---------- Material provided

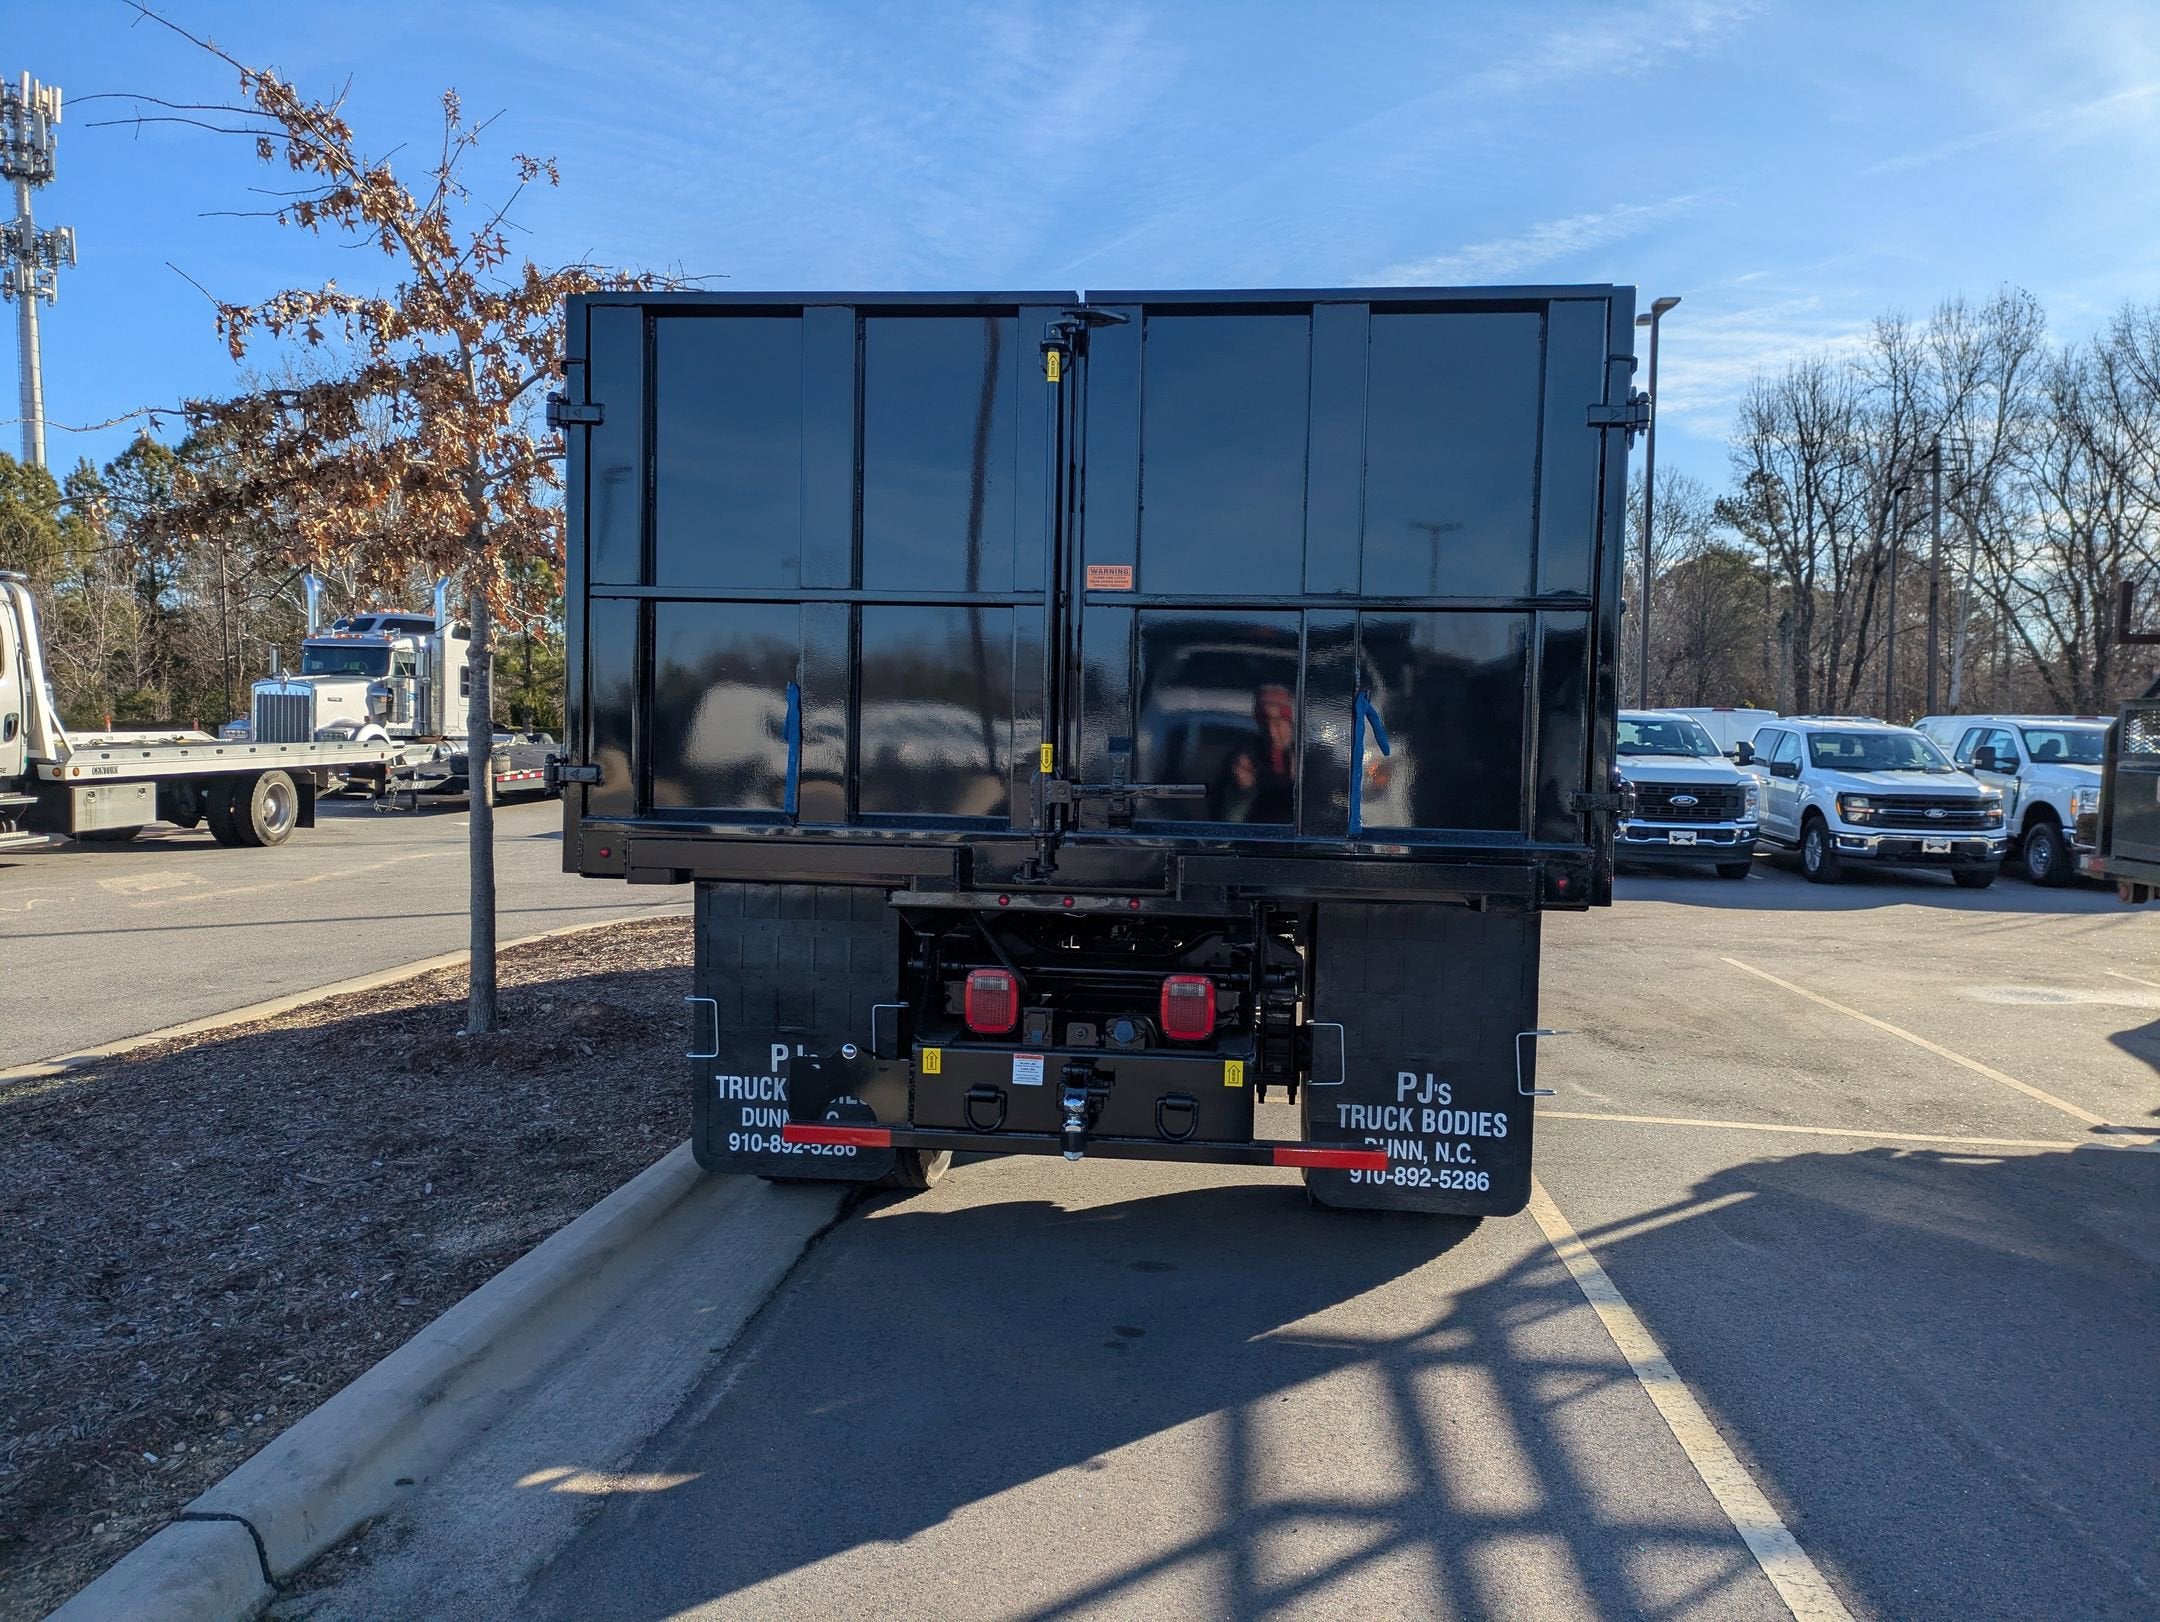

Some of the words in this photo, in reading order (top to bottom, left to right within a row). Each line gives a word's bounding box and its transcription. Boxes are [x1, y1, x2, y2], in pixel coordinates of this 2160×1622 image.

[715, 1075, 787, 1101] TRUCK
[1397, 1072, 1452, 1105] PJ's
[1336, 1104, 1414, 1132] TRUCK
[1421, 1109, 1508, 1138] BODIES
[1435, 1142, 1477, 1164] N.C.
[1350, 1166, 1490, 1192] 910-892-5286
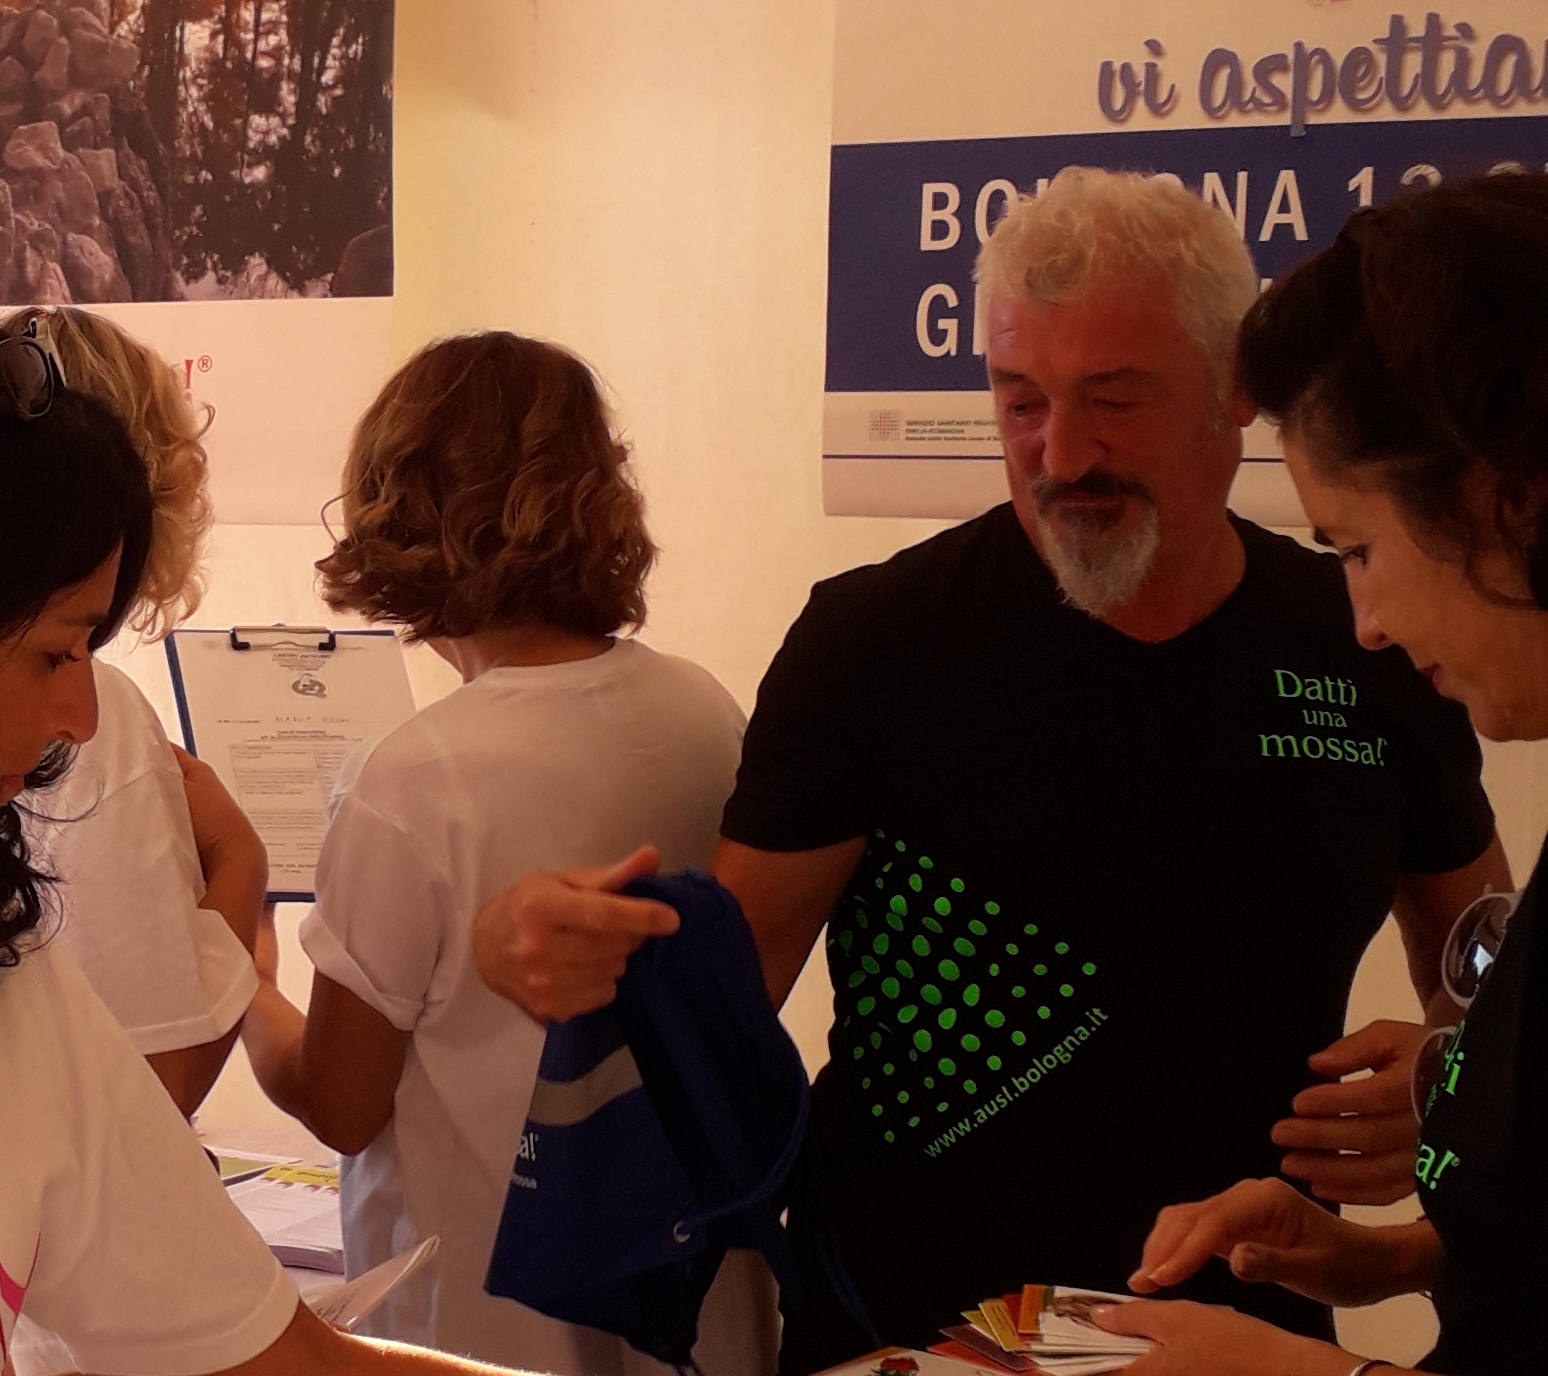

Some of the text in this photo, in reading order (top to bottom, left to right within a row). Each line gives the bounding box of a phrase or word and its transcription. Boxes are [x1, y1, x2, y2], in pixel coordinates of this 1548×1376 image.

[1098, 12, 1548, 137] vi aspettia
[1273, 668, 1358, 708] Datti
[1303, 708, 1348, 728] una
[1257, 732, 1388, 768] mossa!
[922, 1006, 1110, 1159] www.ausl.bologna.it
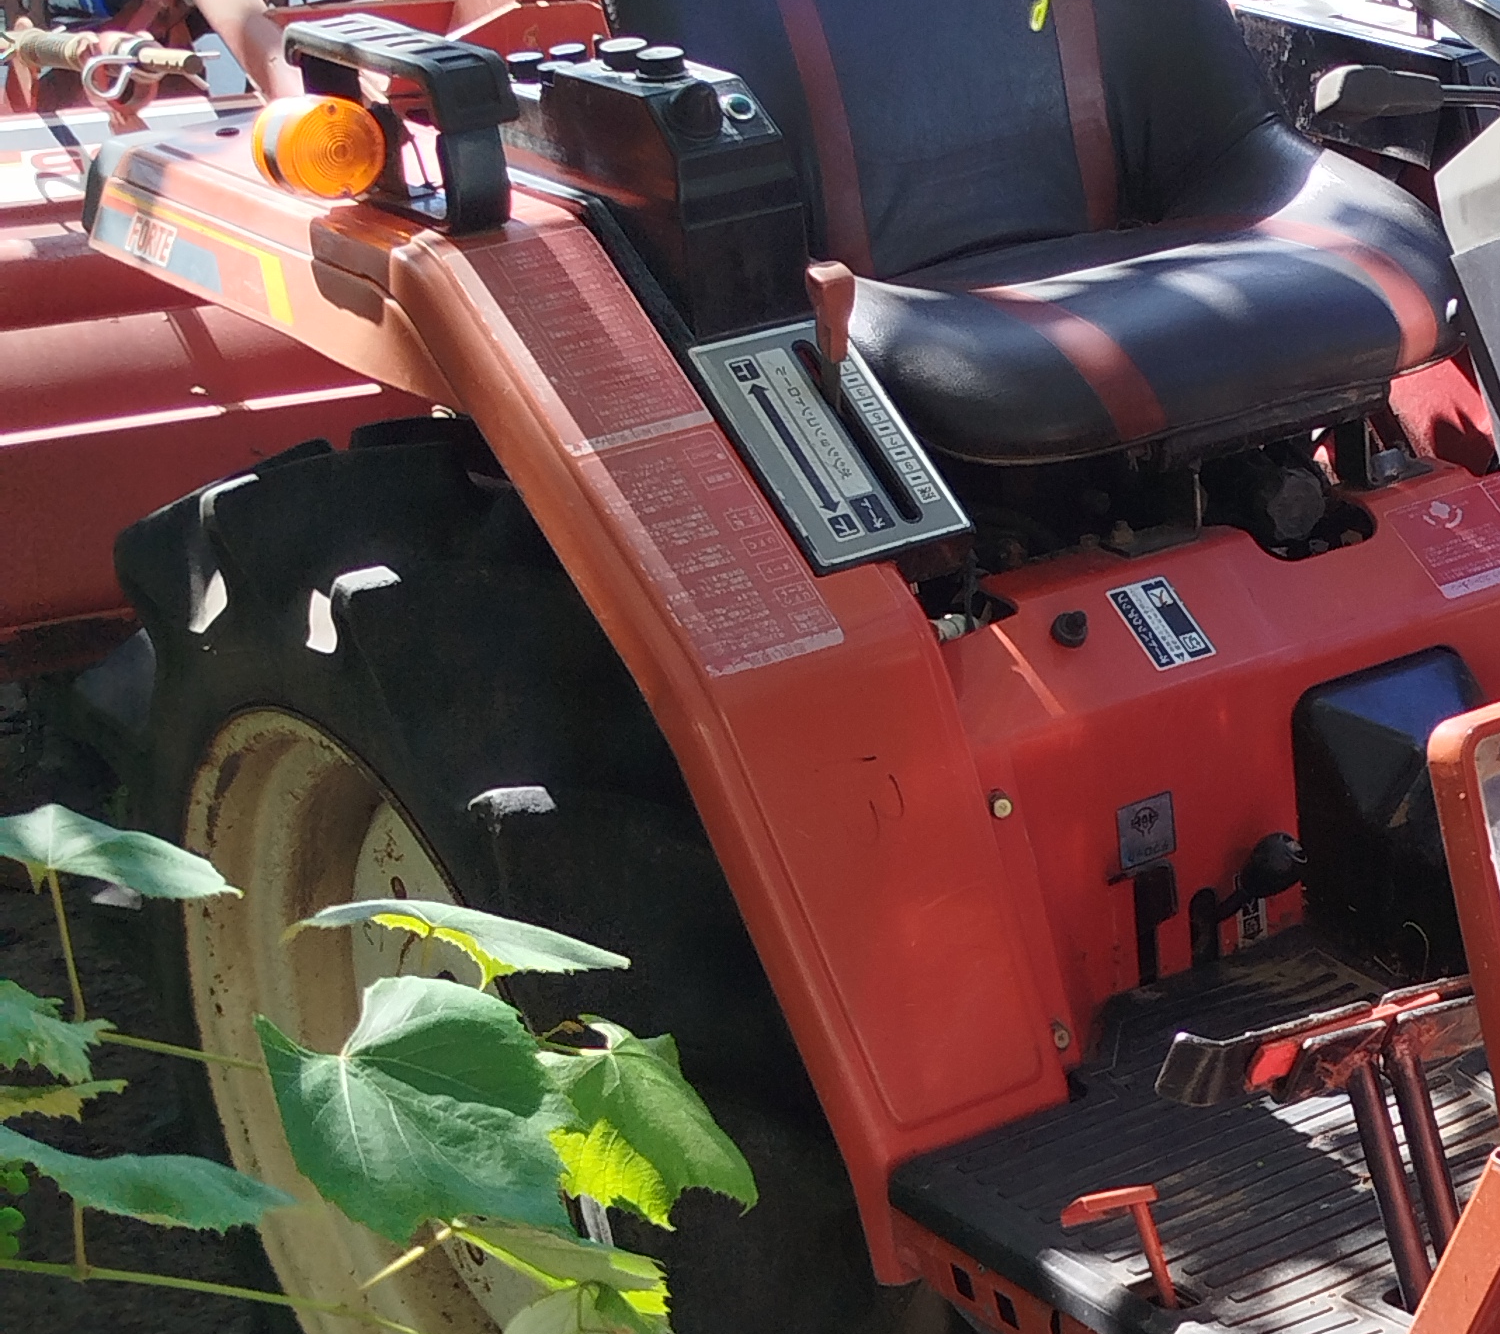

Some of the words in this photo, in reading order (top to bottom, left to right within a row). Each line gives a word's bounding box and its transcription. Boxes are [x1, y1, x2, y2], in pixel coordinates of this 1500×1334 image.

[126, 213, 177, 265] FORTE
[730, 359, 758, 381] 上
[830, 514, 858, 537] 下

--------------------

▶ _What this task involves_
Please set down exactly the lines from the one holding "Some of the text" through the last line of the entries, both ends included, and skip pictures.

▶ _Result below_
Some of the text in this photo, in reading order (top to bottom, left to right within a row). Each line gives the bounding box of a phrase or word and its transcription. Boxes are [x1, y1, x2, y2], in pixel coordinates of this 1548×1376 image.

[1098, 12, 1548, 137] vi aspettia
[1273, 668, 1358, 708] Datti
[1303, 708, 1348, 728] una
[1257, 732, 1388, 768] mossa!
[922, 1006, 1110, 1159] www.ausl.bologna.it

Some of the words in this photo, in reading order (top to bottom, left to right within a row). Each line gives a word's bounding box and its transcription. Boxes are [x1, y1, x2, y2], in pixel coordinates of this 1500×1334 image.

[126, 213, 177, 265] FORTE
[730, 359, 758, 381] 上
[830, 514, 858, 537] 下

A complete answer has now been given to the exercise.